> _Data section_
============================================================

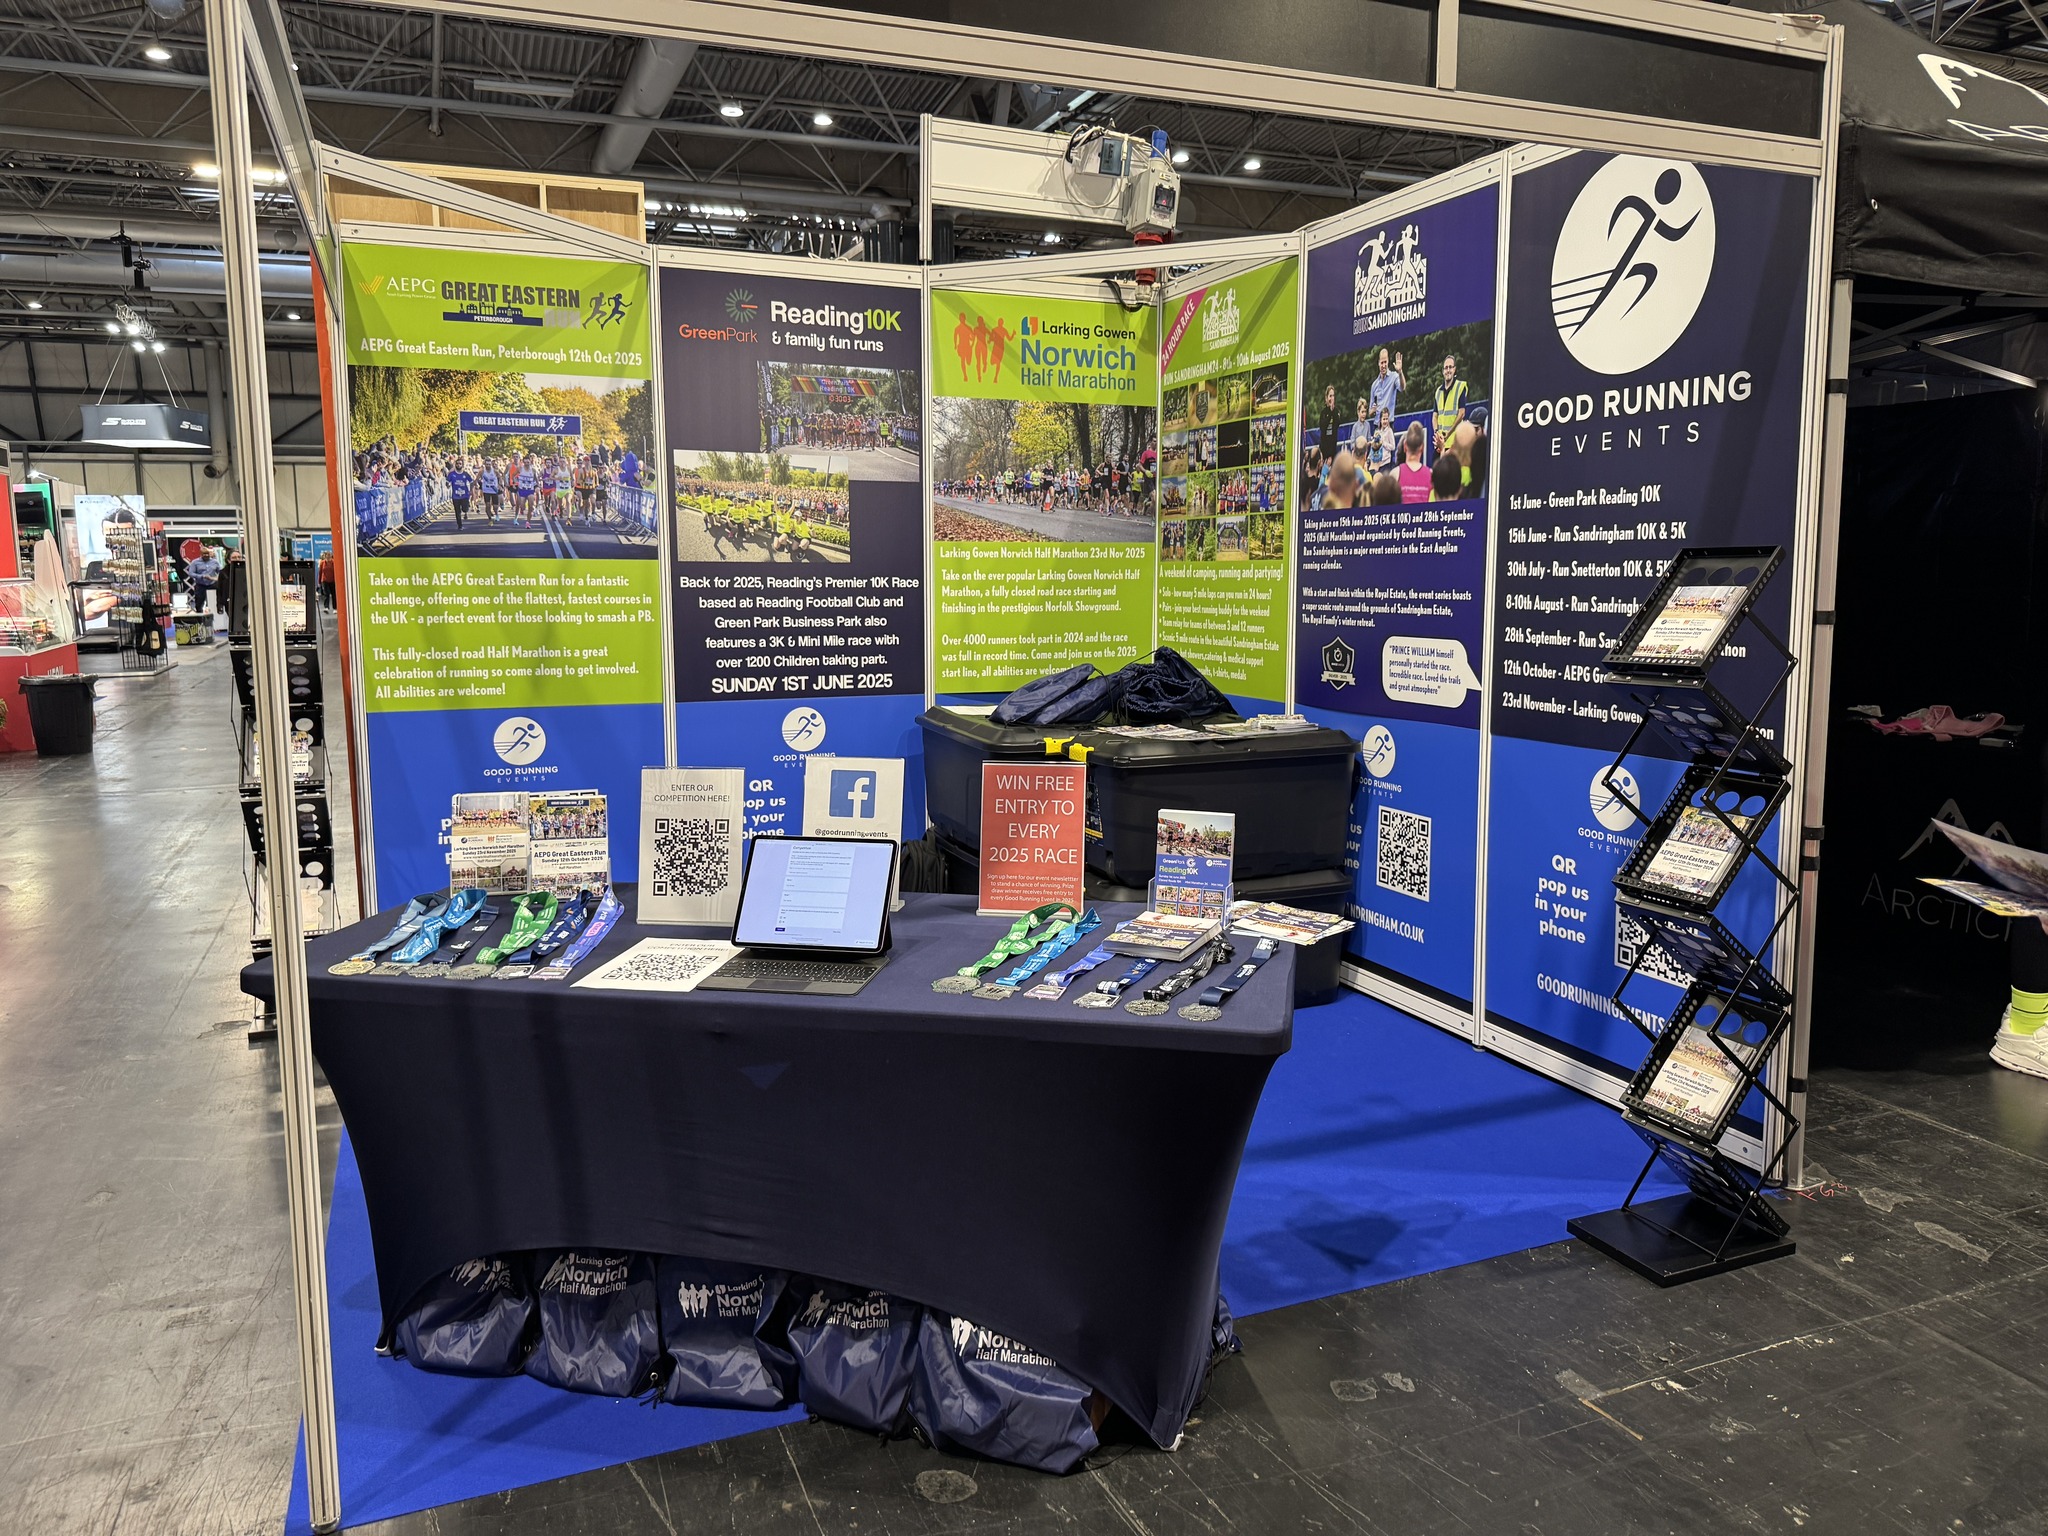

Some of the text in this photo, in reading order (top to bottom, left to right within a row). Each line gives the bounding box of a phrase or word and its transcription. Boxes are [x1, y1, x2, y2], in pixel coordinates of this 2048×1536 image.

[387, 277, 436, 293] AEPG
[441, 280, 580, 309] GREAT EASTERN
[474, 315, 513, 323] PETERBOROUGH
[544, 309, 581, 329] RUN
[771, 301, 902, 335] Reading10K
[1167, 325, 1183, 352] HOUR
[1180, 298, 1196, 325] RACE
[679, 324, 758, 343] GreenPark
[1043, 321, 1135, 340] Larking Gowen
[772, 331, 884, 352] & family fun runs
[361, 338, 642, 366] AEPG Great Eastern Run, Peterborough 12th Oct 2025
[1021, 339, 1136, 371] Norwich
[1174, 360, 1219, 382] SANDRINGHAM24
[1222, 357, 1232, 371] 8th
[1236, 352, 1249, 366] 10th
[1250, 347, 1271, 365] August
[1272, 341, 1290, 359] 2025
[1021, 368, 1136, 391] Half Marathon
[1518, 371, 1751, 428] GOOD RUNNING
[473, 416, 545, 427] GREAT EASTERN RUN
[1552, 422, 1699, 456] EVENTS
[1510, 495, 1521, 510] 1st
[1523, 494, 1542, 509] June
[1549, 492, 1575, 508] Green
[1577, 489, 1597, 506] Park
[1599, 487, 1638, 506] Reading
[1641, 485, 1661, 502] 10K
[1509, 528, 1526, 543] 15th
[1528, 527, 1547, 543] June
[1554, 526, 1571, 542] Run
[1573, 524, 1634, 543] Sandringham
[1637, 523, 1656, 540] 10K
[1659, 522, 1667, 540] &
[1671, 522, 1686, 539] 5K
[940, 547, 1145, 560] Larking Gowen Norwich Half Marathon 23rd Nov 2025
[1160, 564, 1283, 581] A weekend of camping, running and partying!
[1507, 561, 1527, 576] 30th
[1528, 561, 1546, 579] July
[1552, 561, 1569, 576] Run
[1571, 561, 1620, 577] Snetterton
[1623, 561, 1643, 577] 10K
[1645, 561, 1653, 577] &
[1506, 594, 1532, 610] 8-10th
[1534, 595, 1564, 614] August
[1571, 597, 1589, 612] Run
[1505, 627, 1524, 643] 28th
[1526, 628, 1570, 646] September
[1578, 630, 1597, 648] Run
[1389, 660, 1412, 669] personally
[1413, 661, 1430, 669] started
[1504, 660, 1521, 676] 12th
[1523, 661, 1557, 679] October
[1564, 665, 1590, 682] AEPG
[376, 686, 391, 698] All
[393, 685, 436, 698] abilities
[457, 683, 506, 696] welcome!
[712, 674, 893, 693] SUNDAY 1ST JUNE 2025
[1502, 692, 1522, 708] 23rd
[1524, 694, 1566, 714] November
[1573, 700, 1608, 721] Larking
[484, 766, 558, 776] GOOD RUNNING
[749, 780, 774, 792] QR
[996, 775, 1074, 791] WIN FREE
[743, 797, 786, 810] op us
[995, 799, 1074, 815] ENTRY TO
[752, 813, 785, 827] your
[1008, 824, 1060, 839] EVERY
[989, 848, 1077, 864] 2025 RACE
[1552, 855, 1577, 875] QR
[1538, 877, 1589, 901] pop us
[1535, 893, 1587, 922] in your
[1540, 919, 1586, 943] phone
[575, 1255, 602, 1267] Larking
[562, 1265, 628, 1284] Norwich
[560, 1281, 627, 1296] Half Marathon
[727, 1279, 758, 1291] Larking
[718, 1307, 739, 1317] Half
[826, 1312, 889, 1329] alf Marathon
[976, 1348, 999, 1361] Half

============================================================

> _Task goal_
Wherever the word "your" appears in a line of the data, copy that line.

> _Result_
[752, 813, 785, 827] your
[1535, 893, 1587, 922] in your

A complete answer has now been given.